El senador de IU Jesús Iglesias reclama por primera vez en sede parlamentaria la convocatoria de un referéndum para que la ciudadanía decida entre monarquía y república

El parlamentario asturiano mantiene en el Senado un duro intercambio de opiniones con la vicepresidenta del Gobierno que concluye con un “¡Viva la república!”

El senador de Izquierda Unida por Asturias, Jesús Iglesias, ha dirigido una pregunta en la sesión de control al Gobierno en la Cámara Alta a la vicepresidenta, Soraya Sáenz de Santamaría, en la que han planteado por primera vez en sede parlamentaria la exigencia planteada por IU de que se convoque un referéndum para que la ciudadanía pueda decidir entre Monarquía o República.

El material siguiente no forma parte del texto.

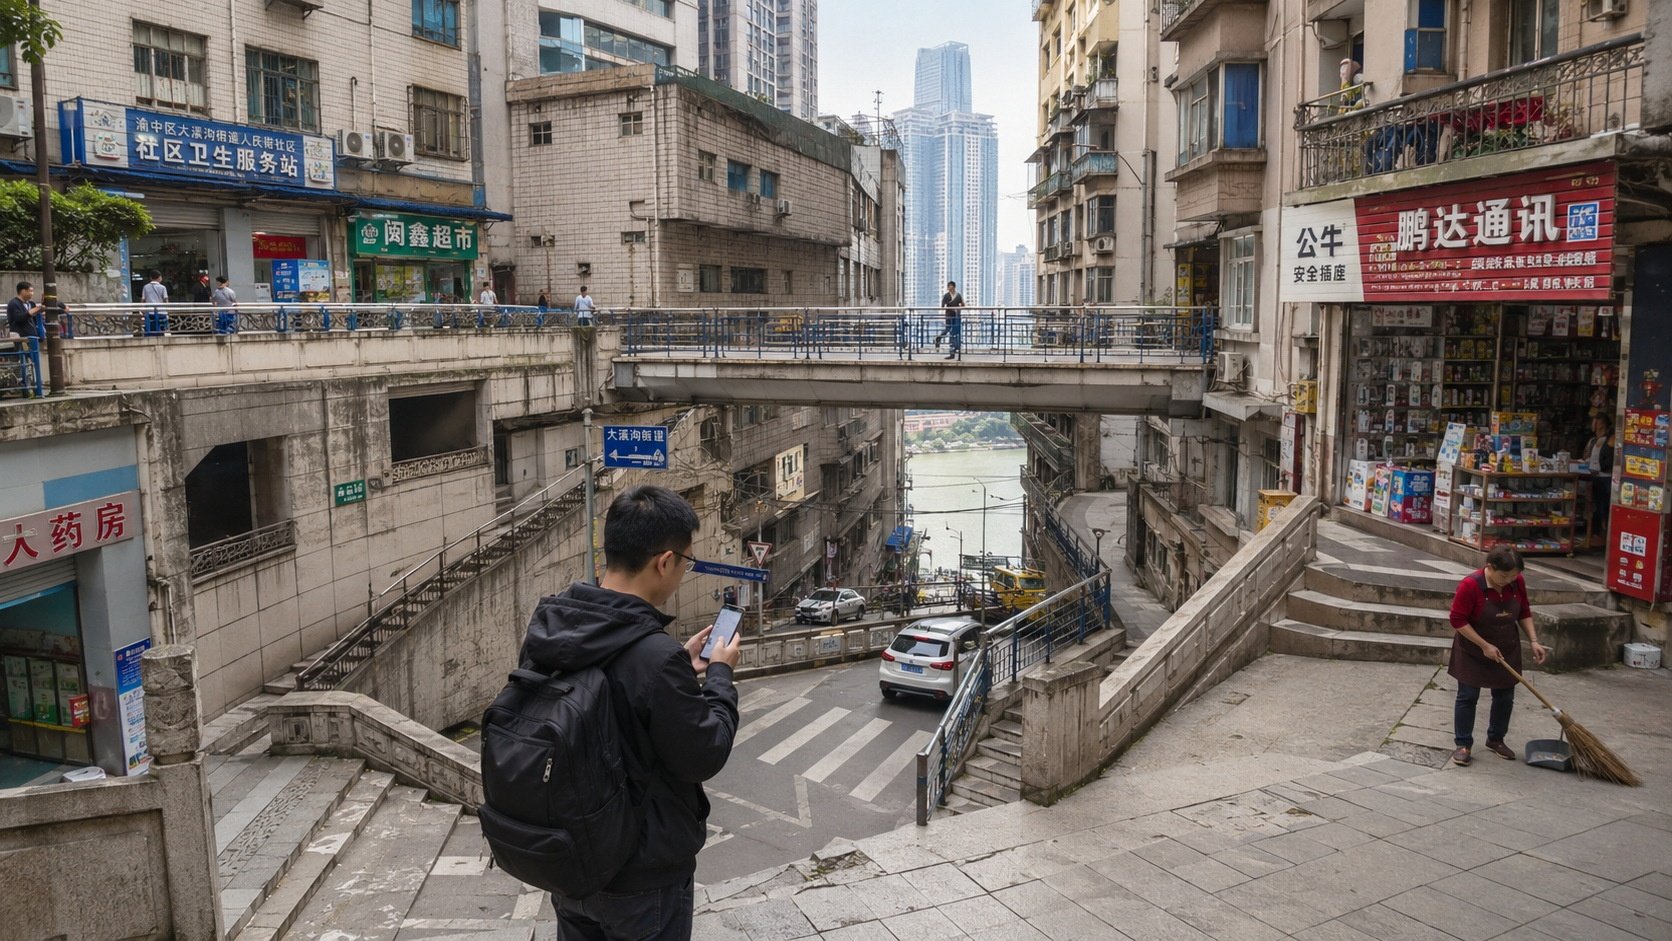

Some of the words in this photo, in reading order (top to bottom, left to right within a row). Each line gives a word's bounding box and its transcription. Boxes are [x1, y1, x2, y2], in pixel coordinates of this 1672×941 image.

[135, 134, 298, 178] 社区卫生服务站
[1296, 224, 1344, 259] 公牛
[1397, 194, 1561, 251] 鹏达通讯
[1293, 264, 1347, 283] 安全插座
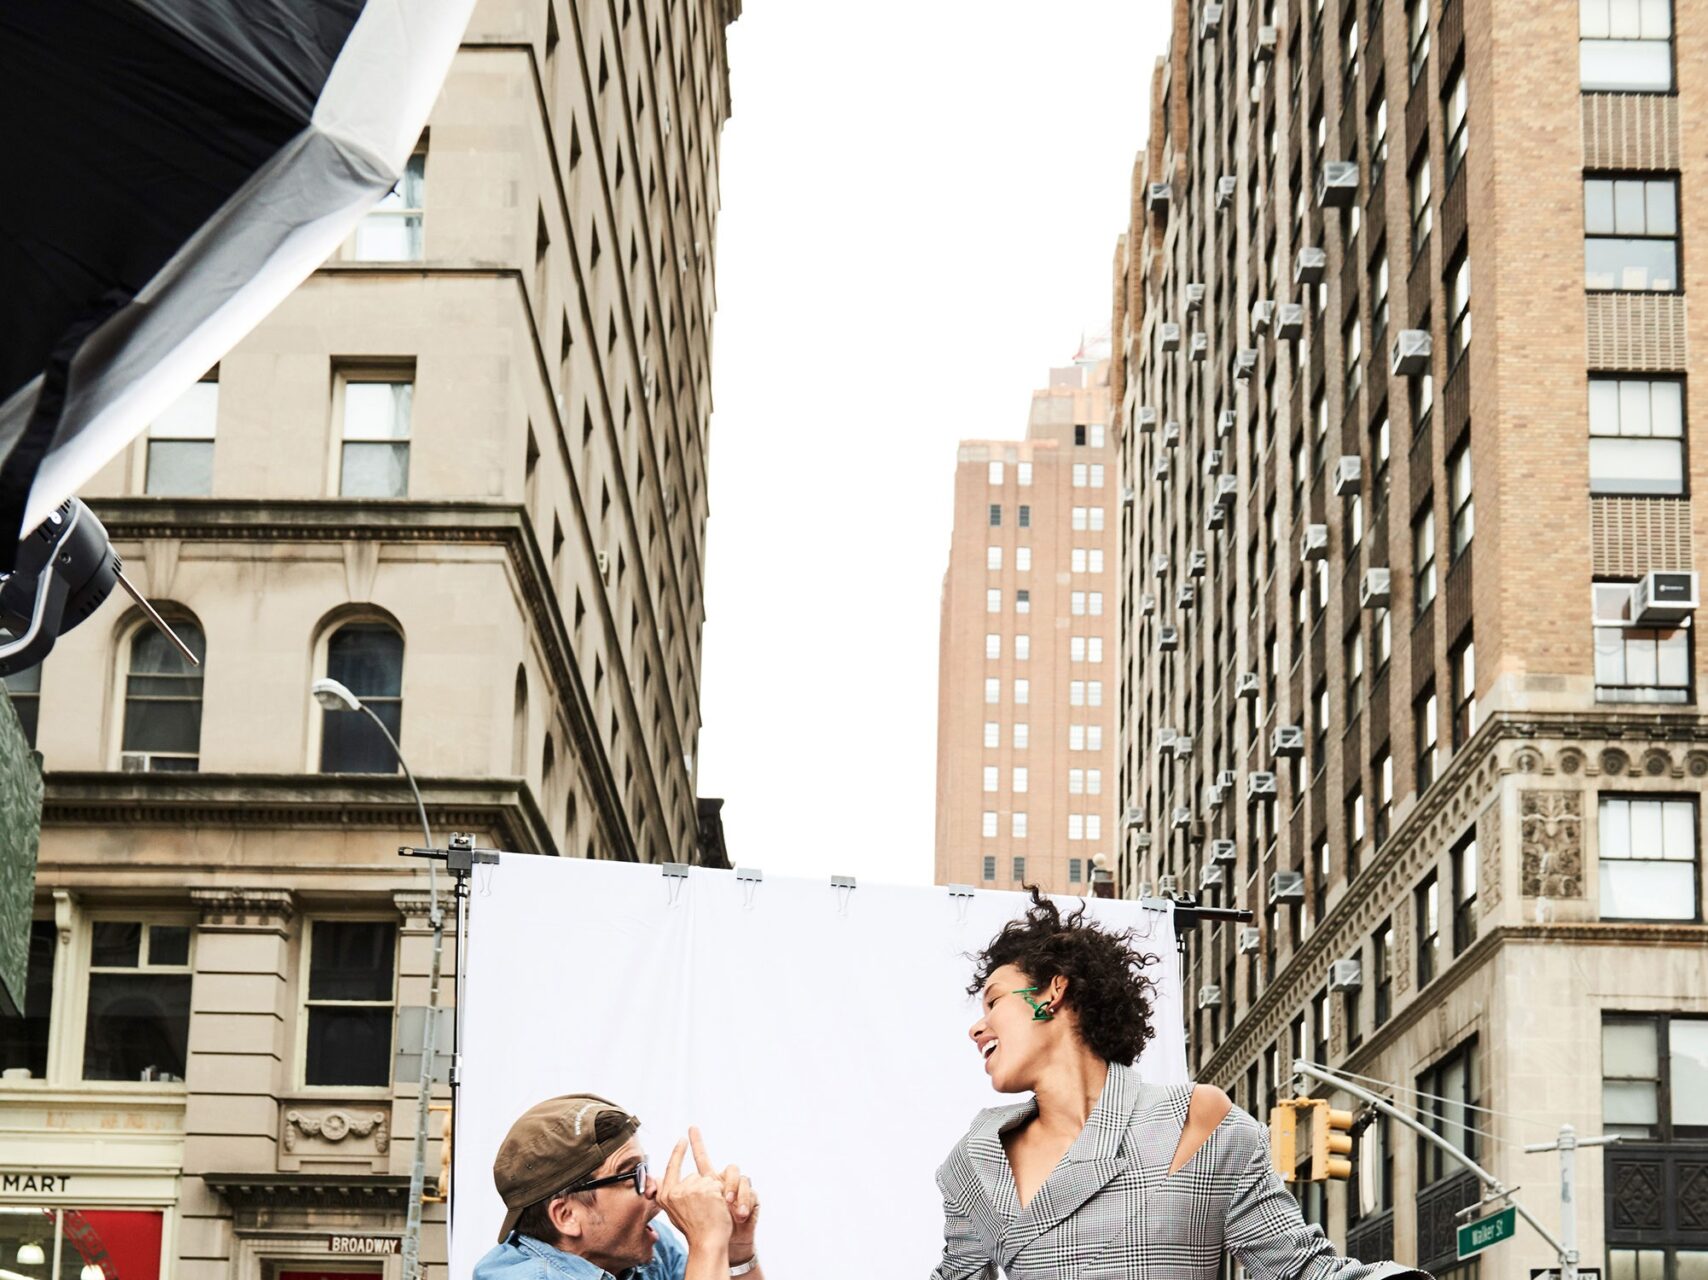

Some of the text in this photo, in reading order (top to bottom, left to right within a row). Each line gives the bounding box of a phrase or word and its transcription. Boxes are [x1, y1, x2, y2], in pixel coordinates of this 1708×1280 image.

En su intervención, celebrada al día siguiente del anuncio de su abdicación por parte de Juan Carlos de Borbón, Iglesias denuncia el hecho de que “en 15 días se va a aprobar una ley orgánica que dé amparo a esa voluntad anunciada por el monarca. No se ha hecho a lo largo de estos años porque no se ha querido abrir el debate sobre monarquía o república”, pero la sociedad está reclamando “más democracia y más participación”.
 
INTERVENCIÓN ÍNTEGRA DEL SENADOR DE IU JESÚS IGLESIAS
 
"Señora vicepresidenta, la pregunta es si tras el anuncio del jefe del Estado de su voluntad de abdicar piensa el Gobierno de la nación, al amparo de lo establecido en el artículo 92 de la Constitución Española, someter a referéndum la forma de Estado, dando así la oportunidad a los ciudadanos de decidir sobre la forma republicana o monárquica del Estado.
                  
…También lo sería cumplir la Constitución convocar referéndum. ¿O es que no dice el artículo 1.2 de la Constitución que la soberanía nacional reside en el pueblo español, del que emanan los poderes del Estado? Lógicamente, sobre esta soberanía no se pueden superponer  los derechos de estirpe. ¿O no dice el artículo 92.1 de la Constitución que las decisiones de especial transcendencia podrán ser sometidas a referéndum consultivo de todos los ciudadanos? ¿Acaso quién sea el jefe del Estado no es una decisión de especial transcendencia?

Cual fuera el resultado de esta consulta abriría el escenario sobre la necesidad de realizar o no una reforma constitucional. Y
de esta manera doy respuesta también a lo manifestado esta mañana por el señor presidente del Gobierno.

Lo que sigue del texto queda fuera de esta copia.